Intelligence Students Must Use Their Observation Skills before Analyzing Information
By David E. Hubler
Contributor, In Homeland Security
Teaching intelligence analysis to students is complicated by the vast amount of material available on open Web sources today. But Indiana University lecturer Carol E.B. Choksy, speaking at the International Association for Intelligence Education (IAFIE) conference in Charles Town, West Virginia this week, believes that she found a way for her students to become more media-savvy by teaching literacies for detection deception.
Choksy, who teaches information and library sciences, tells her students, “Don’t read first; react to the visual.” Her aim is to develop critical thinking for intelligence students by training their eyes to observe before poring over the texts on analysis and other skills intelligence professionals need.
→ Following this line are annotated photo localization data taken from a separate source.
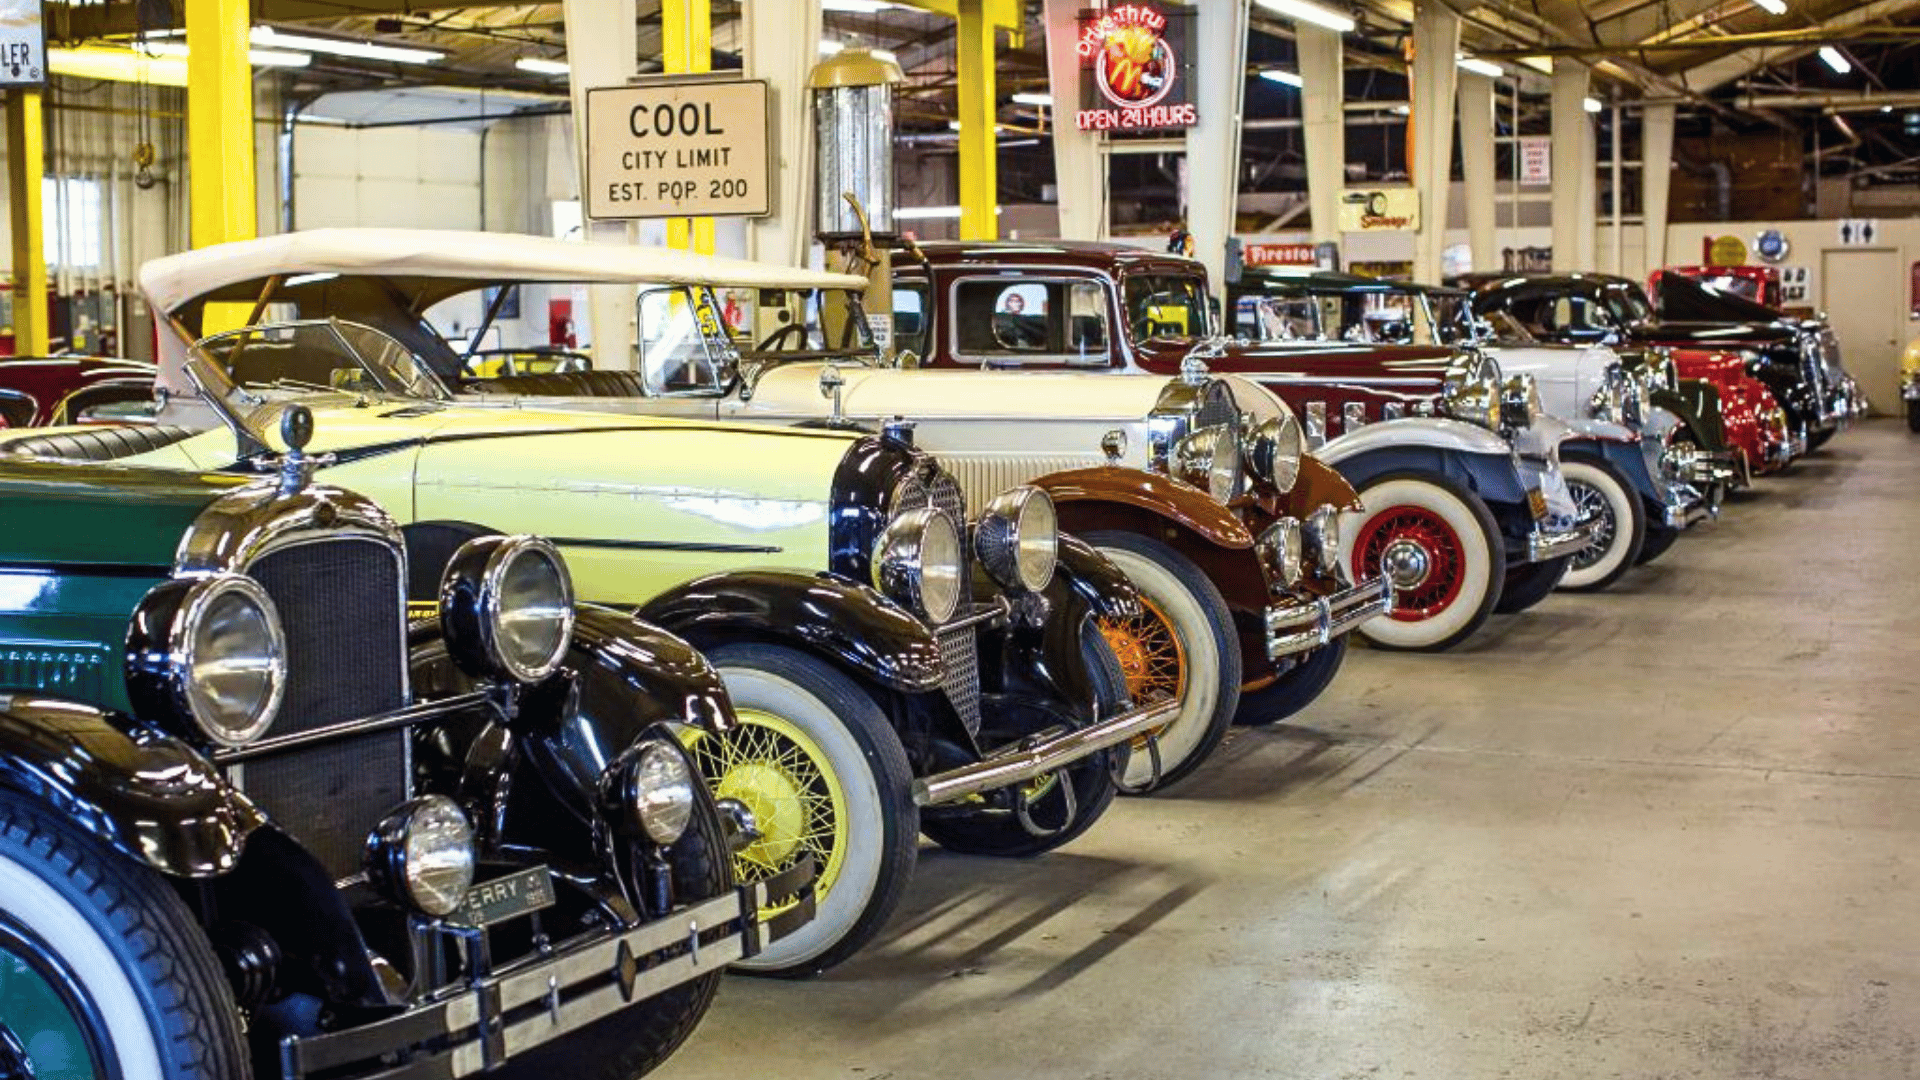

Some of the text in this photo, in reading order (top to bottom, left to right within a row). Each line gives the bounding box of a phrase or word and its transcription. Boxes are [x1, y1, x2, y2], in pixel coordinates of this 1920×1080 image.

[629, 102, 725, 138] COOL
[1075, 103, 1197, 129] OPEN 24 HOURS
[622, 146, 732, 170] CITY LIMIT
[608, 178, 748, 202] EST. POP. 200
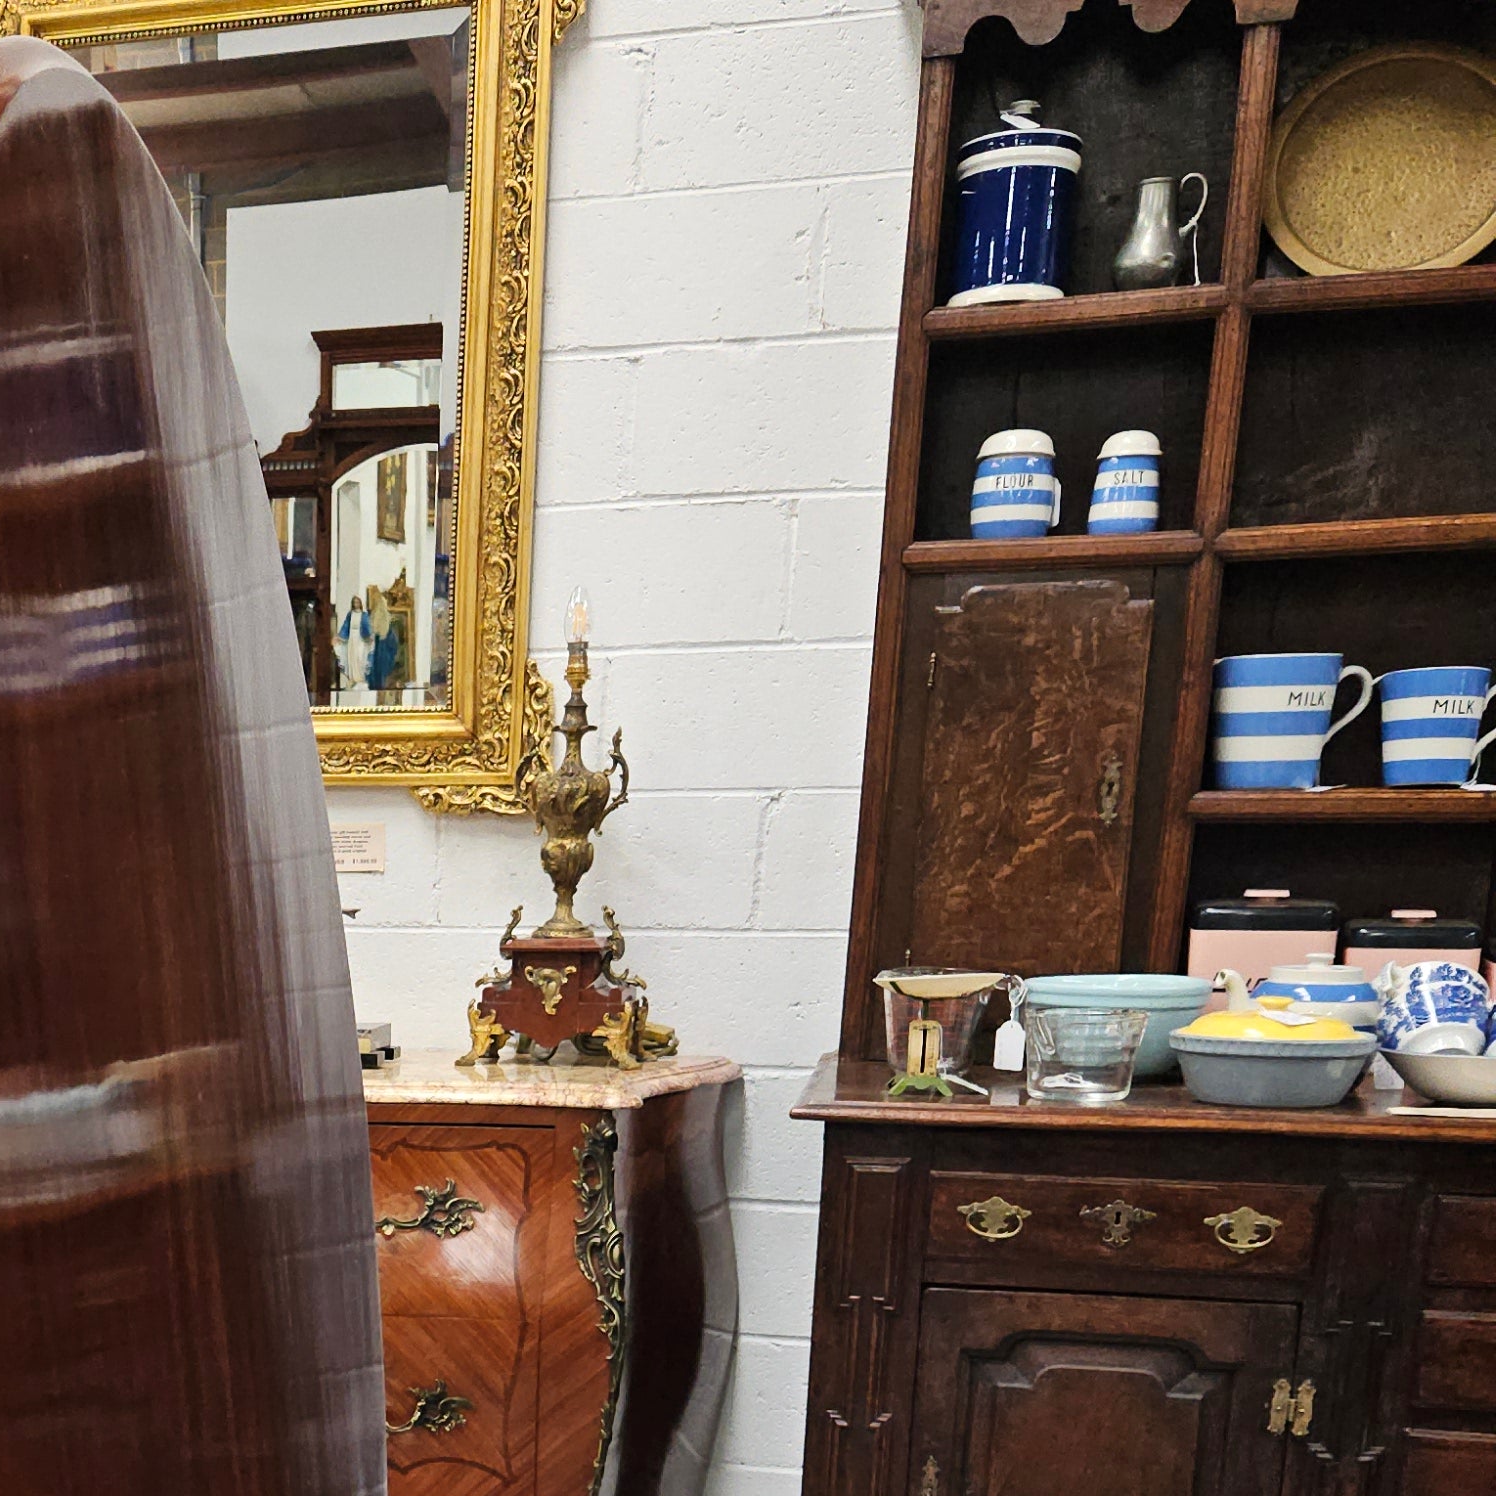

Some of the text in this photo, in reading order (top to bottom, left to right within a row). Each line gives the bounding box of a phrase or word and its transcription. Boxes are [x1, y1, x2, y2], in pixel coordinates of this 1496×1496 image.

[995, 475, 1034, 489] FLOUR
[1113, 471, 1145, 486] SALT
[1287, 691, 1327, 707] MILK
[1432, 699, 1476, 715] MILK
Accurate Intelligence Sources More Difficult to Determine in Today’s Media
Intelligence students need to understand visual signs before they learn about source collection from printed materials and fake news, she told a panel on Tuesday at the IAFIE conference. Even educated people have difficulty today spotting fake news, Choksy noted.
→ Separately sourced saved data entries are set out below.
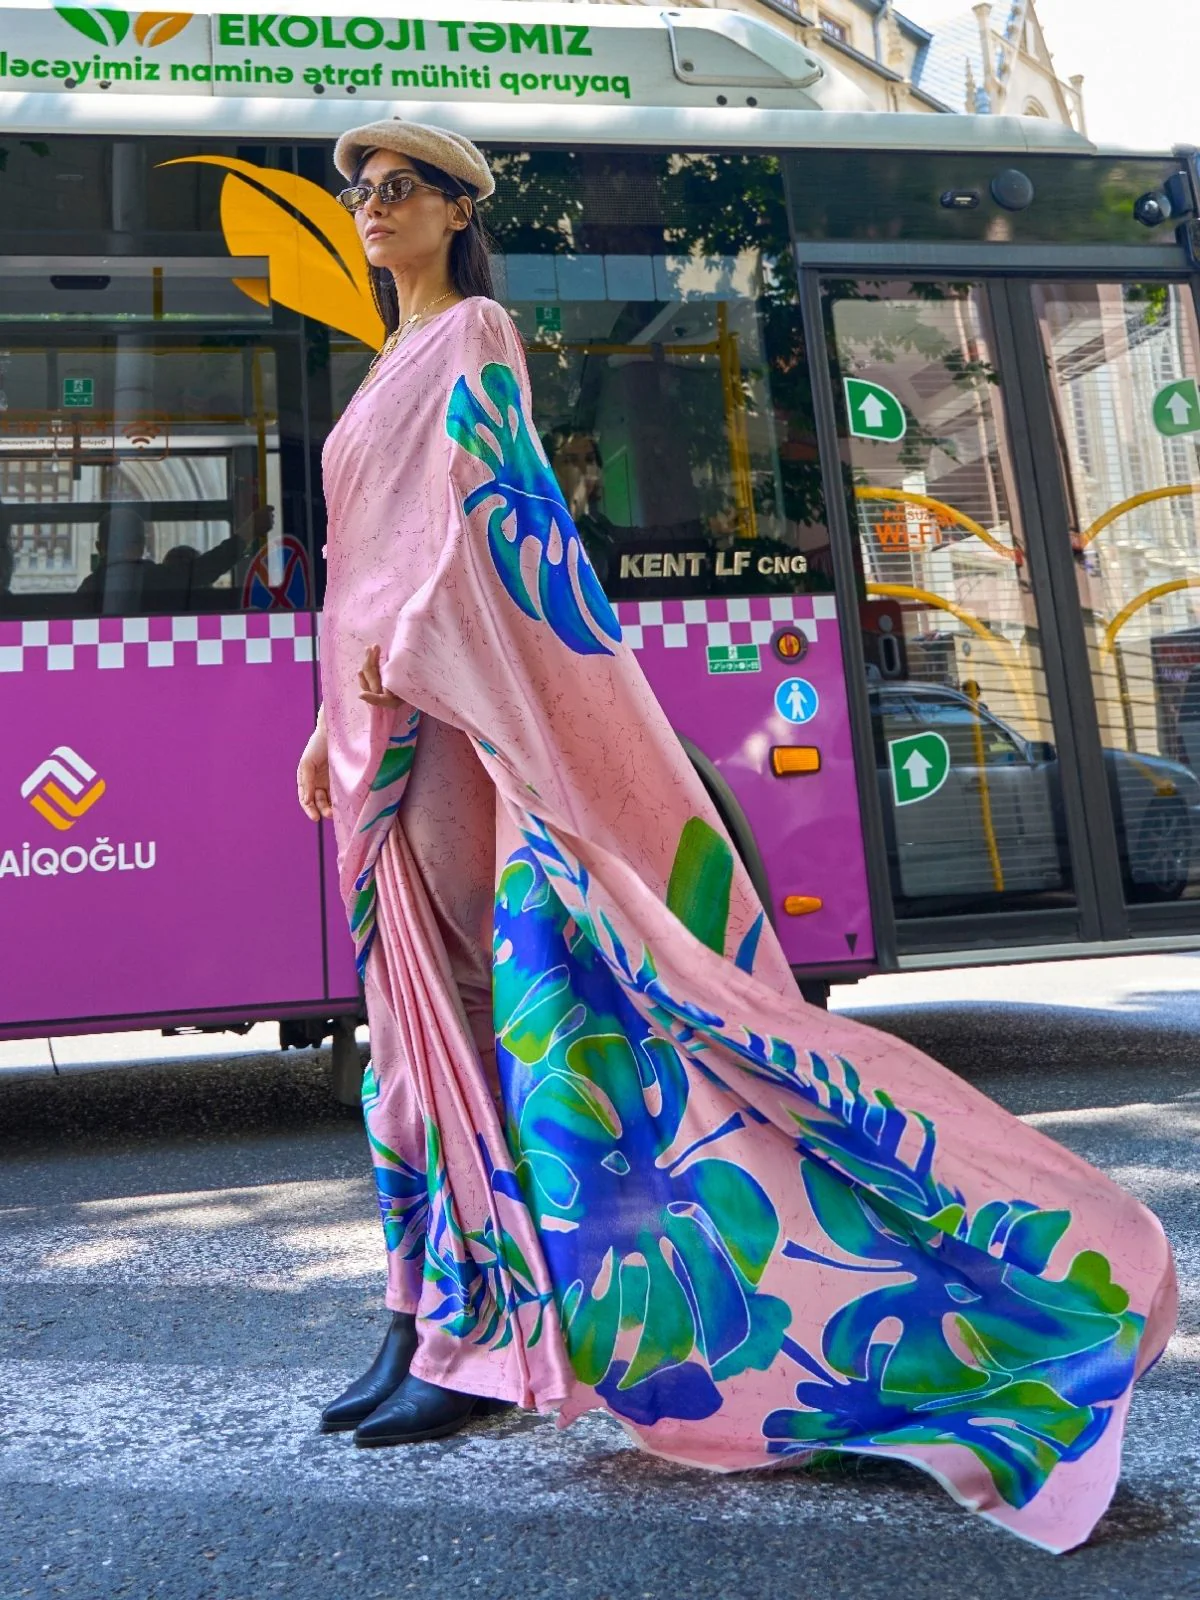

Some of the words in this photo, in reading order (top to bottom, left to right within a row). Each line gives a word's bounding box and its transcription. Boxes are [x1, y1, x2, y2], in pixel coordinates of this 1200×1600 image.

[0, 52, 161, 84] ləcəyimiz
[170, 59, 294, 84] naminə
[303, 63, 383, 86] ətraf
[392, 64, 491, 88] mühiti
[500, 72, 631, 99] qoruyaq
[620, 552, 706, 579] KENT
[715, 551, 751, 576] LF
[757, 555, 808, 575] CNG
As an example, she showed a screenshot of the Breitbart Store, which looks like an ordinary online sales landing page. Clicking the link, however, brings students to Breitbart’s news articles.
To make her point, she asks her students to look at grocery store tabloids such as the National Enquirer and The Globe. These publications use “active measures” to gain readers and push their political agenda. They mix bold, creative front pages, often featuring unflattering photos of notable politicians, to advertise the often one-sided articles on the inside pages.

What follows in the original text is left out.